Soviet heyday: Rector of Belarus university-in-exile to be elected on the Q.T?


Selecting candidates for being Head of the EuropeanHumanitiesUniversity, the only Belarusian university in exile, is in its full swing but due to the lack of open information about candidates any data are to be gleaned.

Belsat.eu has found out that David Pollick, one of the leading contenders, was mentioned in Forbes columns. It turns out that a U.S. college went bankrupt under Mr Pollick’s rule…

Referring to information privacy the EHU management refuses to reveal the candidates’ names to mass media. According to Belsat’s own sources, the following persons are aspiring to the position of Rector:

David Pollick, Acting Rector of the EHU

Darius Udris, Vice Rector for development and communication

Tatsiana Shchyttsova, EHU professor, editor of university journal ‘Topos’

Aliaksandr Milinkevich, former candidate for presidency in Belarus (2006)

Ales Krautsevich, historian, ex-Vice Rector at HrodnaUniversity (Belarus)

Edward Roslof, Fulbright Program director in Russia

Šarūnas Liekis,  historian and political scientist (Lithuania)

Selection process

The procedure is overseen by a special selecting committee of the university’s Governing Board. There are representatives of Sweden, the USA, Great Britain, Belgium, Estonia, Denmark and Belarus (only 1 person) in the Board.
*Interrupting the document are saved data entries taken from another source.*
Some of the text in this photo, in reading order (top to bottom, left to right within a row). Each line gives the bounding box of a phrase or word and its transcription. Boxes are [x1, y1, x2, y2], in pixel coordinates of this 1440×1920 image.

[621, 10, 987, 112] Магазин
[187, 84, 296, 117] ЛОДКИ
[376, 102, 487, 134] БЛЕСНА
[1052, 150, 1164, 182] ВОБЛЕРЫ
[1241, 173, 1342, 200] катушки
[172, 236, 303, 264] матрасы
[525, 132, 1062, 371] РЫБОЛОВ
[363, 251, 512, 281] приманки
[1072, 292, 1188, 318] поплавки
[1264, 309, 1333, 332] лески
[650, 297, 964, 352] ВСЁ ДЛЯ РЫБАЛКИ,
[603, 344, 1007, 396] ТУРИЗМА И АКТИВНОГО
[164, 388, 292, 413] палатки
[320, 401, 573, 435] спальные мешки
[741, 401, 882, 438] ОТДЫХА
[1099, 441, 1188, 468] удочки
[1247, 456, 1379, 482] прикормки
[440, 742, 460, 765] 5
On December 16-17 the selection committee, professors, managers and students are meeting the candidates. Then the committee is to give its recommendations to EHU General Assembly of Co-Founders.     
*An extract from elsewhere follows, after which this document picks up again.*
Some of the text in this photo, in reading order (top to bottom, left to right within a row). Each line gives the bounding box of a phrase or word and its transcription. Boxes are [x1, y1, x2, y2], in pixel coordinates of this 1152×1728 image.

What about self-governing?

Self-governing bodies are not playing any role in the process of selection, experts say. Pavel Tserashkovich, a former Chair to EHU Senate [EHU self-governing body – Belsat], says that it has no influence on making strategis decisions after EHU Statute has been amended last.
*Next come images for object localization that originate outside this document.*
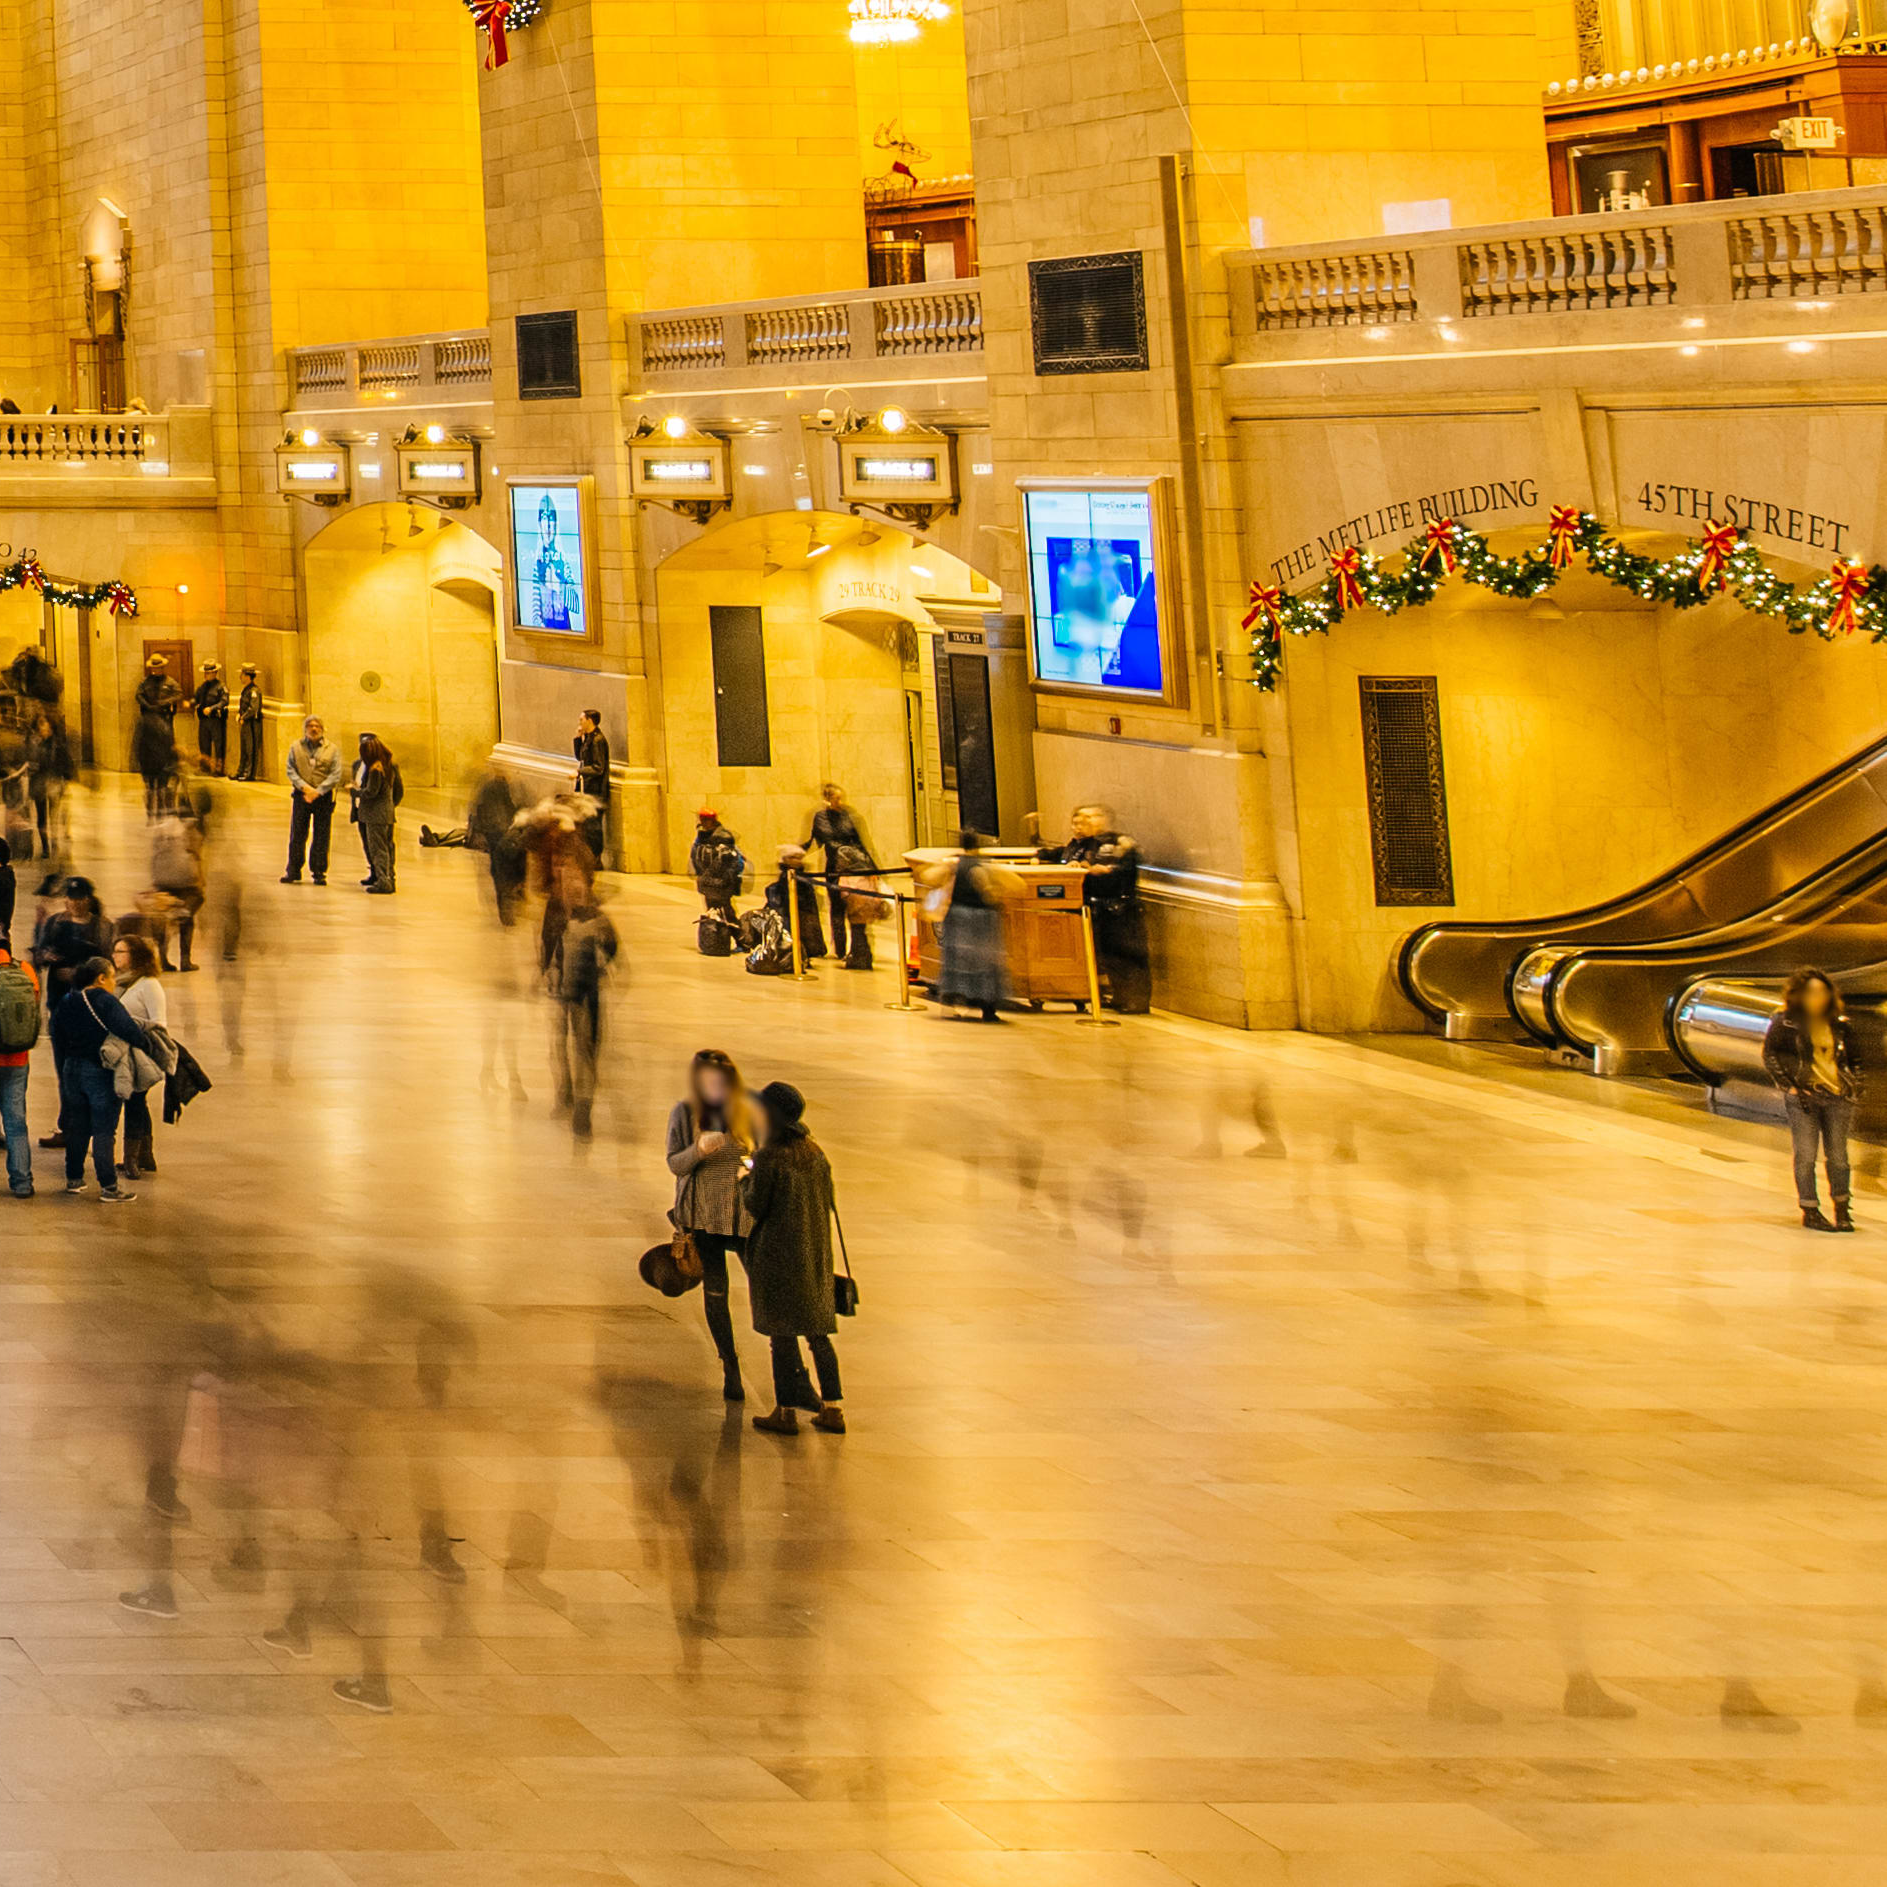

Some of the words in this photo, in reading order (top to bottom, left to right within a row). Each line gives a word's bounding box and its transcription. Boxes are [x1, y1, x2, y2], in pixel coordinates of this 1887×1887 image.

[1802, 120, 1828, 138] EXIT
[1637, 482, 1714, 521] 45TH
[1724, 494, 1850, 555] STREET
[1270, 542, 1317, 586] THE
[1316, 501, 1414, 557] METLIFE
[1417, 478, 1539, 525] BUILDING
[17, 546, 38, 562] 42
[839, 583, 849, 599] 29
[851, 581, 887, 599] TRACK
[889, 586, 900, 603] 29
[953, 632, 971, 642] TRACK
“Earlier the Senate had the right to participate in considering the candidates. Speaking formally, now university boards at [state-run] Belarusian higher educational institutions have much more rights than EHU Senate does,” he said. 

Vox Populi

The students negotiated holding open forums between students and candidates and secured them. According to Dzianis Kuchynski, President for EHU student community, a 30-minute meeting with each candidate is scheduled. The most popular candidate among the students will be named to the selection committee. Its members promise to take the students’ opinion into account.

Tuition fees paid by EHU students accounts for 25% of the university’s budget. “Formally the students are also its stockholders, but in fact, we have nothing at the moment. We want our vote to become a decisive one, this is our main ambition. But now it is nothing but advisory,” he said.

Who is Mr. Pollick?

Journalists really have a lot of questions to ask. Three contenders belsat.eu reached decided against being interviewed. David Pollick, EHU Provost and Acting Rector, was one of them.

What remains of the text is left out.